具体的には、遊技状態として高確率状態(確率変動状態でかつ開閉部材32a,32bの開放頻度が通常状態に比べて高い状態(第一状態))、いわゆる時間短縮状態(大当たりの当選確率は低確率状態であるが、開閉部材32a,32bの開放頻度が通常状態に比べて高い状態(第一状態))、および通常状態(大当たりの当選確率が低確率状態であり、かつ開閉部材32a,32bの開放頻度が高確率状態に比べて低い状態(第二状態))が設けられている場合において、高確率状態からいわゆる時間短縮状態に切り替わったときや、時間短縮状態から通常状態に切り替わったときに、予め定められた所定回数の特別図柄の変動表示を行う間は、遊技状態が切り替わったことを遊技者に確実に報知することができる背景(予め設定された時間短縮状態や通常状態中の大半で表示されることになる背景)以外の背景が表示されないように設定すればよい。このように構成することで「第二特別図柄優先変動」「順次変動」のいずれが設定される場合であっても、遊技状態が切り替わった後の所定回数の特別図柄の変動表示を行う間は、切り替わる前の遊技状態が継続していると誤認する可能性のある背景(特殊背景)は表示されないため、遊技者は遊技状態が切り替わったことを容易に認識することが可能となる。なお、高確率状態からいわゆる時間短縮状態に切り替わったときの場合は、高確率状態が本発明における「特典遊技状態」に、時間短縮状態が本発明における「通常遊技状態」に相当するとともに、高確率状態中に表示される背景が本発明における「特殊背景」に、時間短縮状態中の大半で表示される背景が本発明における「通常背景」に相当することになる。また、時間短縮状態から通常状態に切り替わったときの場合は、時間短縮状態が本発明における「特典遊技状態」に、通常状態が本発明における「通常遊技状態」に相当するとともに、時間短縮状態中に表示される背景が本発明における「特殊背景」に、通常状態中の大半で表示される背景が本発明における「通常背景」に相当することになる。

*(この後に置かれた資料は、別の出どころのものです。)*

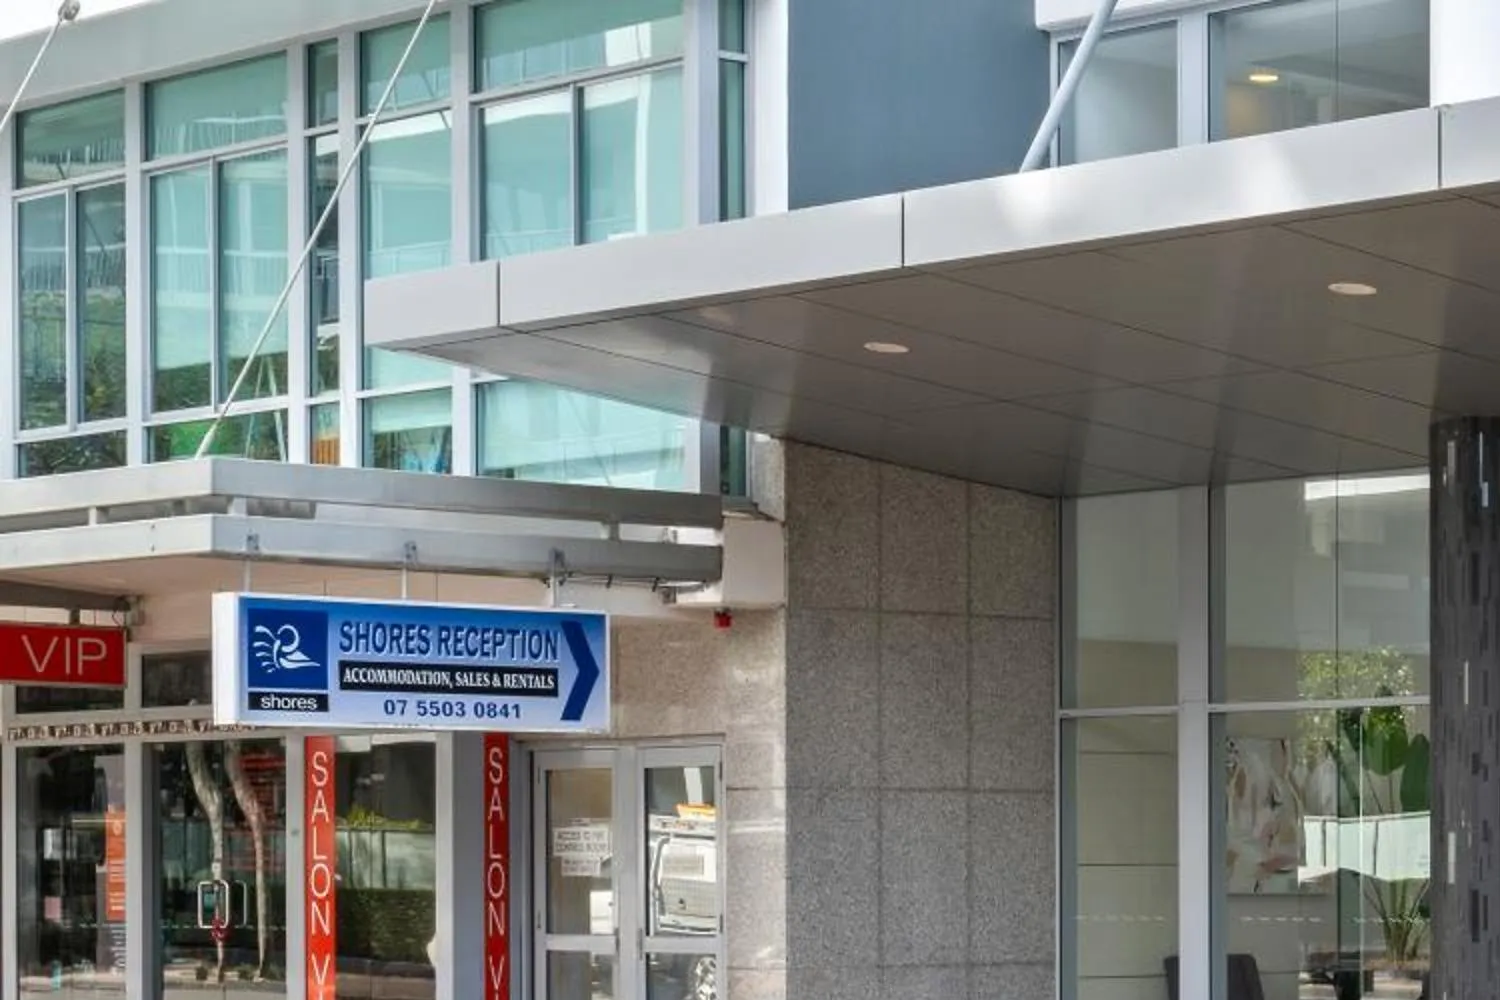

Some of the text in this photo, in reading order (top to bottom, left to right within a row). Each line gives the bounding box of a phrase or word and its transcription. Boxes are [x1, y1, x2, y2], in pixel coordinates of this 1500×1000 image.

また、上記実施形態にかかる遊技機1では、第一低確率状態中において、第二始動入賞口322に遊技球が入賞したことに起因する変動の場合には特殊背景を表示することを説明したが、例えば第二始動入賞口に遊技球が入賞したことを起因に特殊背景と通常背景のどちらを表示するか選択し、その結果に基づいて表示してもよく、その際に通常背景が表示される場合があってもよい。
また、通常遊技状態時に表示される通常背景や高確率状態中に表示される特殊背景は複数種類あってもよい。